INCIDENT AT CALETA BEACH

You tell me who was right – after twenty-four years the day is as clear in my memory as yesterday. And after all that time, I still don’t know what to believe.

Caleta* was Acapulco’s morning beach in my grandfather Papa Memo’s day. My grandfather was the epitome of the Mexican gentleman, warm, family-oriented, and a man of absolutely unwavering integrity.

In those days you saw everyone who was in town at Caleta in the morning. Then, at a suitable time, you went back to your house to bathe; to have that meal known as “la comida,” the food, which could be lunch or brunch or even an early dinner, and which was being prepared by the cook; and to lie in a hammock through the worst heat of the day. Late afternoons, you went to Playa Hornos. I barely had a few years to do this as a child transplanted to Mexico before my beloved grandfather passed away.

In our day, Bill’s and mine, Caleta had lost its uniqueness to population booms, but it was still close to Albemar, my family’s home. We settled on our small plot of sand, to people-watch, to keep our three small children from following the wavelets too deep, to watch for that occasional big wave which still washes up all the way to the base of the hotel which has stood, bare concrete, unfinished due to legal troubles, for as long as I can remember.

The umbrella was set in the sand. Our baby daughter dug happily with her bucket of ocean water to fill the hole. The white-shirted waiter with the rolled up pants and bare feet had brought us two white-painted slatted wood lounge chairs, and would come later with sodas for all, ceviche for Bill if he dared.

People walked by as they will on a beach, vendors of shell necklaces and mangoes dipped in chile piquín, waiters with coconuts. Not crowded, not empty. Just right.

A lone lounge chair twenty feet to our left, ten closer to the water’s edge, sat in isolated splendor – no umbrella, no beach table, no thatched hut – in a patch of sand. A Mexican family, father and three boys, moved decorously – in sand it is hard to do otherwise – between us and the water, and the trailing small boy sat for a moment on the edge of the chair. The father turned to hurry his brood on, the boy stood up and continued trailing along.

All at once, in the middle of this idyll designed to dull the mind to pure lazy observer, came shouting from the waves. Caleta is a tranquil beach, half of a tiny bay, divided from Caletilla by the causeway that goes to the island, but people still drown here. So shouts are heeded.
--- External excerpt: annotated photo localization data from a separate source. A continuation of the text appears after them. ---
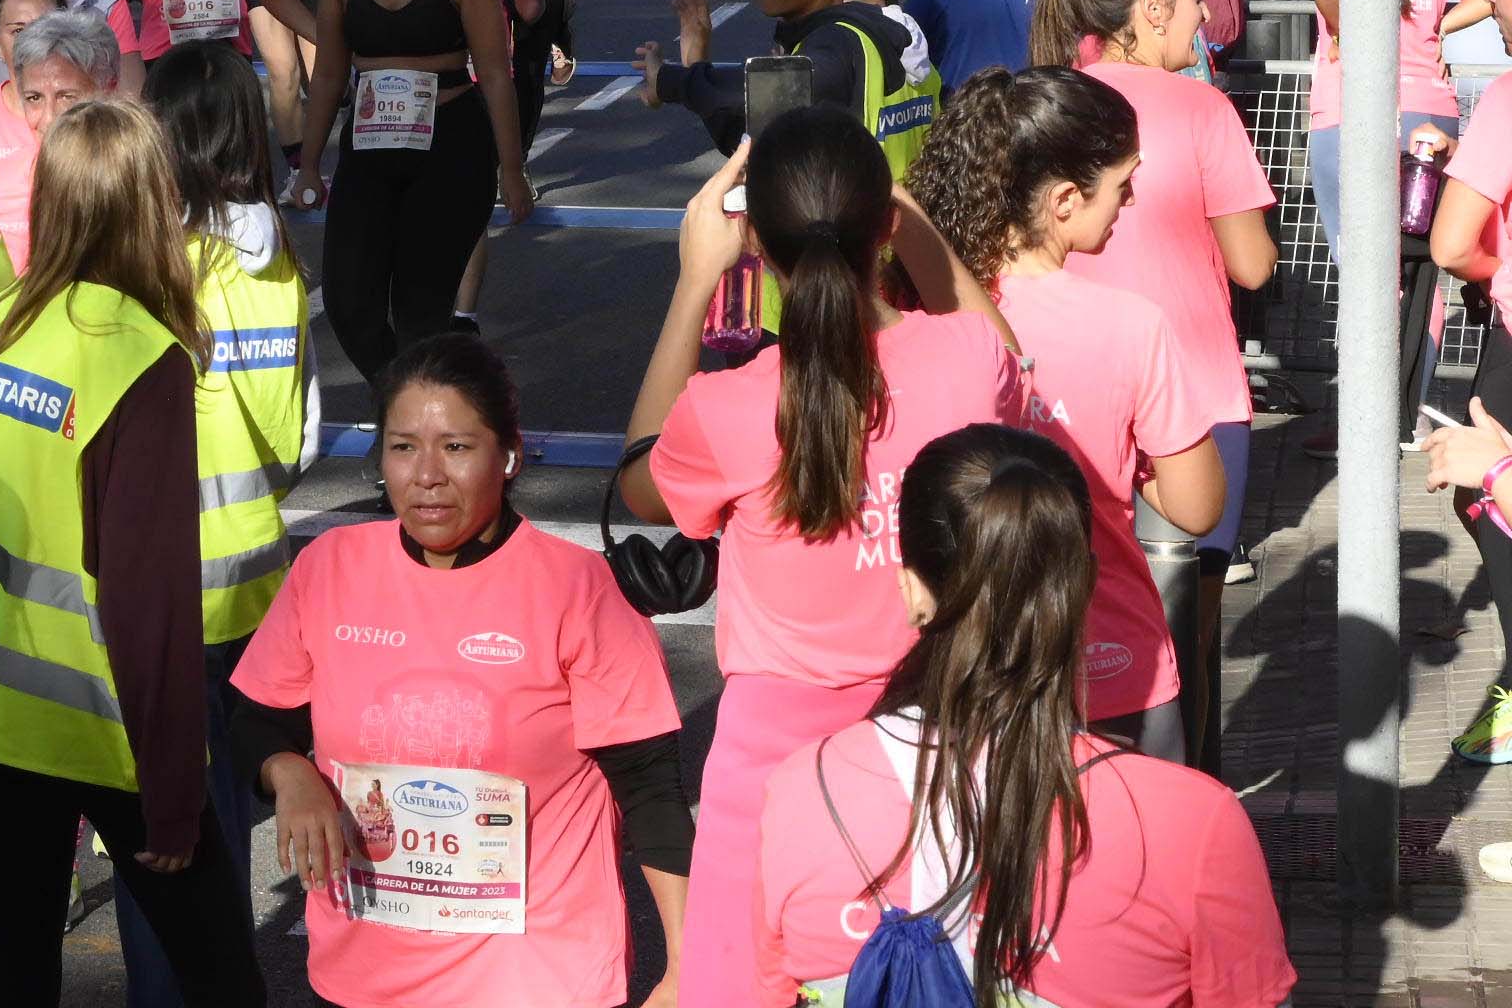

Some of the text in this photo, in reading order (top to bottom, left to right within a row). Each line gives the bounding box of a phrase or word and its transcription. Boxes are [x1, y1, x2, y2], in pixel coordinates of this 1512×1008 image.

[188, 0, 214, 11] 016
[377, 100, 406, 112] 016
[335, 624, 521, 659] OYSHO ASTURIANA
[398, 789, 511, 812] ASTURIANA SUMA
[401, 828, 461, 855] 016
[406, 859, 454, 877] 19824
[365, 876, 506, 896] CARRERA DE LA MUJER 2023
[362, 895, 509, 920] OYSHO Santander
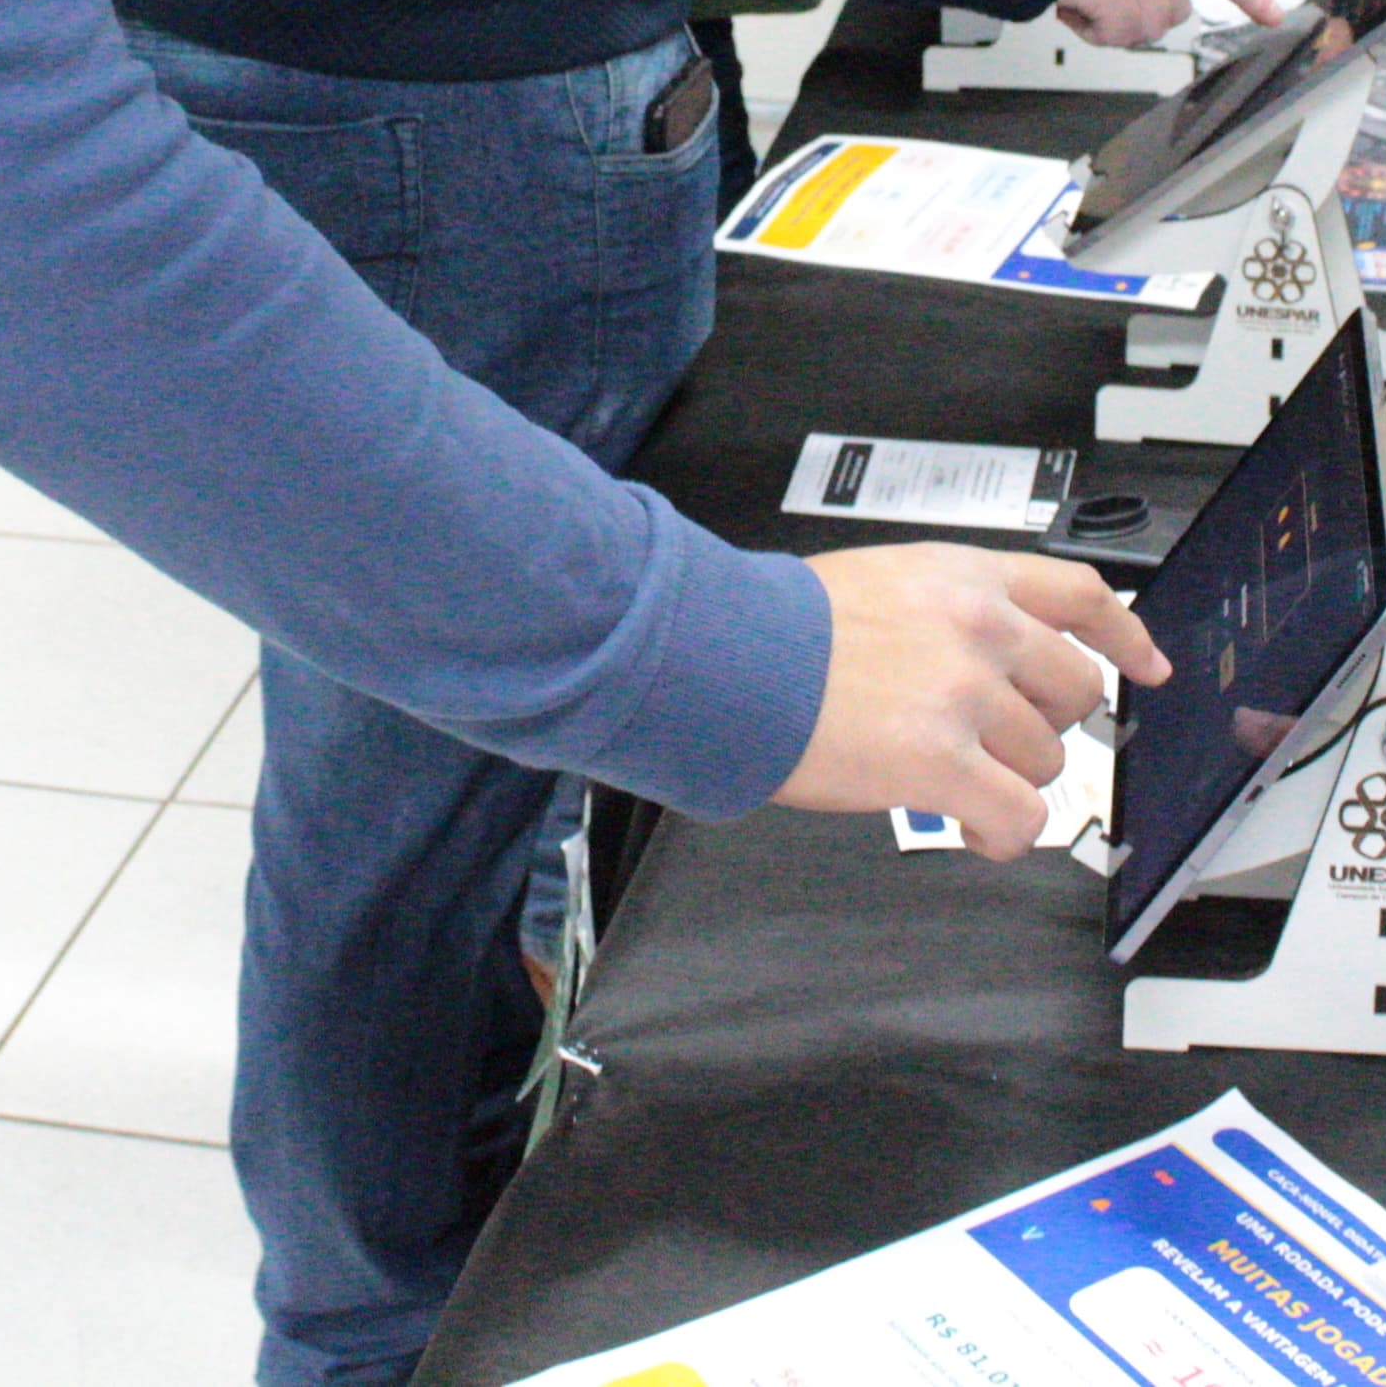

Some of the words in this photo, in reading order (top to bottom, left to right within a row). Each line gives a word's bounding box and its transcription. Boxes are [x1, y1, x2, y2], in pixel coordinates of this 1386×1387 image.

[1207, 1239, 1310, 1318] MUITAS
[1235, 1212, 1275, 1245] UMA
[1273, 1242, 1344, 1300] RODADA
[925, 1313, 957, 1339] R$
[957, 1342, 1019, 1387] 81,0
[1151, 1237, 1231, 1301] REVELAM
[1224, 1299, 1243, 1315] A
[1242, 1310, 1337, 1387] VANTAGEM
The words were unrecognizable, guttural, but it could have been the distance. The man charging out of the water had a big belly. It is hard work to charge out of the water. He came slowly until the water cleared his chest, then moved up the beach as fast as his bulk would allow, yelling all the time. He switched to English, and my ear pulled the sound out of the soft murmuring Spanish background. The word he was yelling was “Thief!”

My Spanish-challenged husband said “Stay out of it.” He went back to helping the baby dig to China.
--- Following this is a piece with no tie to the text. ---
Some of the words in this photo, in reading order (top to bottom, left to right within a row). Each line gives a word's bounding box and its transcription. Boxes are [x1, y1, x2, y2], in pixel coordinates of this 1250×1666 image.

The Mexican gentleman came to a stop, the very portrait of affronted dignity. The German tourist – for he could be no other – gesticulated wildly and switched to his limited Spanish, bellowing “Policía!” I see the small group yet, rooted unyielding in the sand of memory.

There is a tiny cement hut at the end of the causeway where a contingent of blue-uniformed policemen discretely supervise the goings-on of the glass-bottom boats bobbing along the causeway, and the occasional beach drunk. One appeared, notified by the grapevine. He attempted to calm the tourist, assuage the wounded pride of the Mexican gentleman called a thief in front of his children.

El policía had little English – and his set and the German’s didn’t overlap. I, born nosy and American and bilingual, approached, and gingerly asked if I could help. Bill, in the background, shook his head, and dedicated himself to keeping our boys, just as nosy, 3 and 5, but NOT bilingual, well away from the tableau we must have made.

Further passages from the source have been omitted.